PostgreSQL 检查点性能影响及源码分析 - 3
背景
数据库可靠性从何而来?
数据库崩溃后如何恢复,从什么位置开始恢复?
数据库检查点是什么?
检查点要干些什么?
为什么脏数据较多时,检查点会对性能有一定的影响?
什么是full page write?
相信这些问题是搞数据库的同学都想搞明白的。
接下里的一系列文章,围绕检查点展开讲解,讲一讲检查点的原理,以及为什么脏数据较多是,它会对数据库产生一定的性能影响。
正文
接着上一篇,
http://blog.163.com/digoal@126/blog/static/1638770402015463252387/
这篇主要谈一下CheckPointBuffers(flags).
CheckPointBuffers(flags)@src/backend/storage/buffer/bufmgr.c
/*
* CheckPointBuffers
*
* Flush all dirty blocks in buffer pool to disk at checkpoint time.
*
* Note: temporary relations do not participate in checkpoints, so they don't
* need to be flushed.
*/
void
CheckPointBuffers(int flags)
{
TRACE_POSTGRESQL_BUFFER_CHECKPOINT_START(flags); // buffer checkpoint开始探针
CheckpointStats.ckpt_write_t = GetCurrentTimestamp();
BufferSync(flags); // 这个是重量级操作, 需要全扫描1次BUFFER, 锁buffer头, 设置标记。 再扫描一次buffer,将前面标记过的脏块flush到磁盘。

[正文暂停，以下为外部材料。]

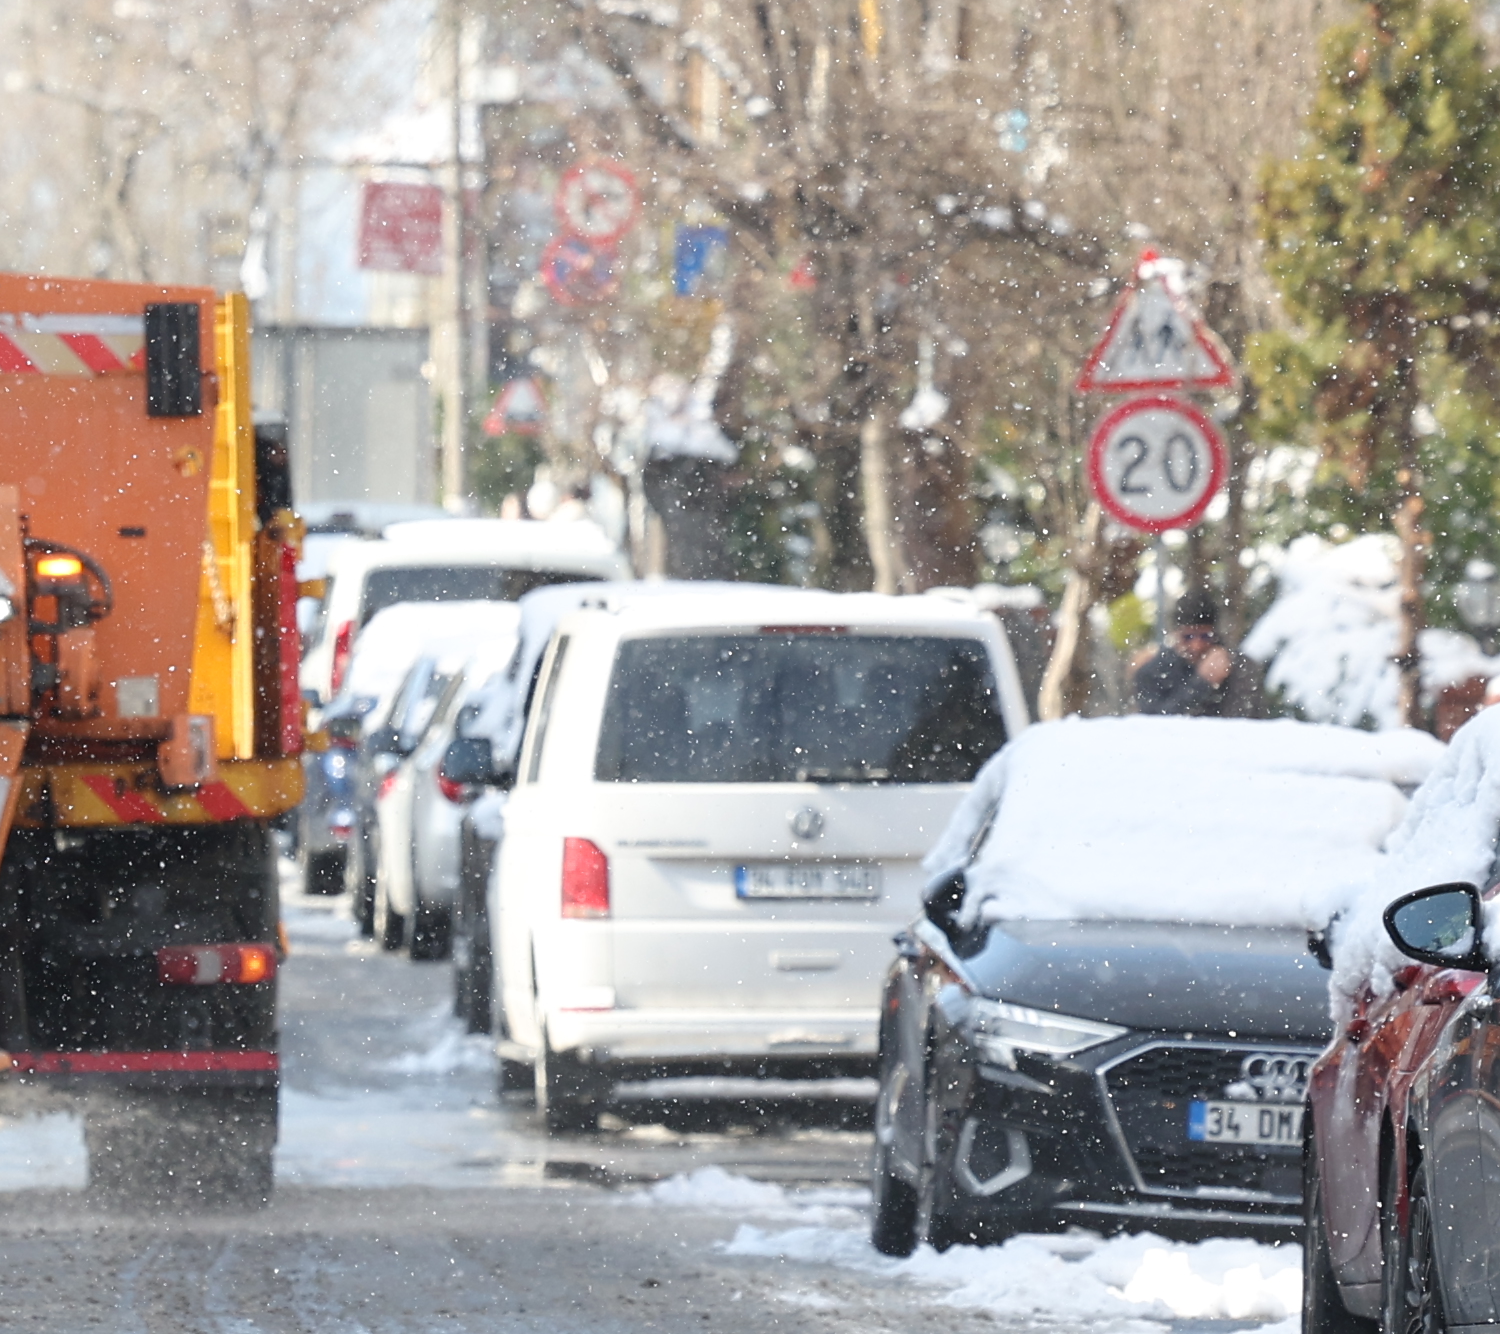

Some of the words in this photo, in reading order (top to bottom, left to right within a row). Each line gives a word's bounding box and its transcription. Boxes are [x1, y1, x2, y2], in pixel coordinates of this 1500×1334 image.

CheckpointStats.ckpt_sync_t = GetCurrentTimestamp();
TRACE_POSTGRESQL_BUFFER_CHECKPOINT_SYNC_START(); // buffer checkpoint sync开始探针
smgrsync(); // sync操作
CheckpointStats.ckpt_sync_end_t = GetCurrentTimestamp();
TRACE_POSTGRESQL_BUFFER_CHECKPOINT_DONE(); // buffer checkpoint 结束探针
}
BufferSync是一个比较重的操作。
第一次全扫描buffer区,将脏数据块头部设置为本次checkpoint需要flush的块。
第二次扫描,将前面设置为本次需要checkpoint的块FLUSH到磁盘。
但是需要注意,第一次设置为need checkpoint的块,有一个计数,第二次在刷数据块时,可能提前到达这个计数,所以第二次刷脏块的动作可能不需要扫全缓存区域。
但是,第一次被标记的脏块,也可能在这期间被其他进程如bgwriter写掉了,所以第二次扫描时无法达到计数,则还是需要全扫描整个缓存区。
(为什么不在第一次设置时同时记住脏块的内存位置,第二次直接去FLUSH这些位置的块呢?还需要重复再扫一次)
BufferSync@src/backend/storage/buffer/bufmgr.c
/*
* BufferSync -- Write out all dirty buffers in the pool.
*
* This is called at checkpoint time to write out all dirty shared buffers.
* The checkpoint request flags should be passed in. If CHECKPOINT_IMMEDIATE
* is set, we disable delays between writes; if CHECKPOINT_IS_SHUTDOWN,
* CHECKPOINT_END_OF_RECOVERY or CHECKPOINT_FLUSH_ALL is set, we write even
* unlogged buffers, which are otherwise skipped. The remaining flags
* currently have no effect here.
*/
static void
BufferSync(int flags)
{
int buf_id;
int num_to_scan;
int num_to_write;
int num_written;
int mask = BM_DIRTY; // 脏块掩码
/* Make sure we can handle the pin inside SyncOneBuffer */
ResourceOwnerEnlargeBuffers(CurrentResourceOwner);
/*
* Unless this is a shutdown checkpoint or we have been explicitly told,
* we write only permanent, dirty buffers. But at shutdown or end of
* recovery, we write all dirty buffers.
*/
if (!((flags & (CHECKPOINT_IS_SHUTDOWN | CHECKPOINT_END_OF_RECOVERY |
CHECKPOINT_FLUSH_ALL))))
mask |= BM_PERMANENT; // 持久对象掩码
/*
* Loop over all buffers, and mark the ones that need to be written with
* BM_CHECKPOINT_NEEDED. Count them as we go (num_to_write), so that we
* can estimate how much work needs to be done.
*
* This allows us to write only those pages that were dirty when the
* checkpoint began, and not those that get dirtied while it proceeds.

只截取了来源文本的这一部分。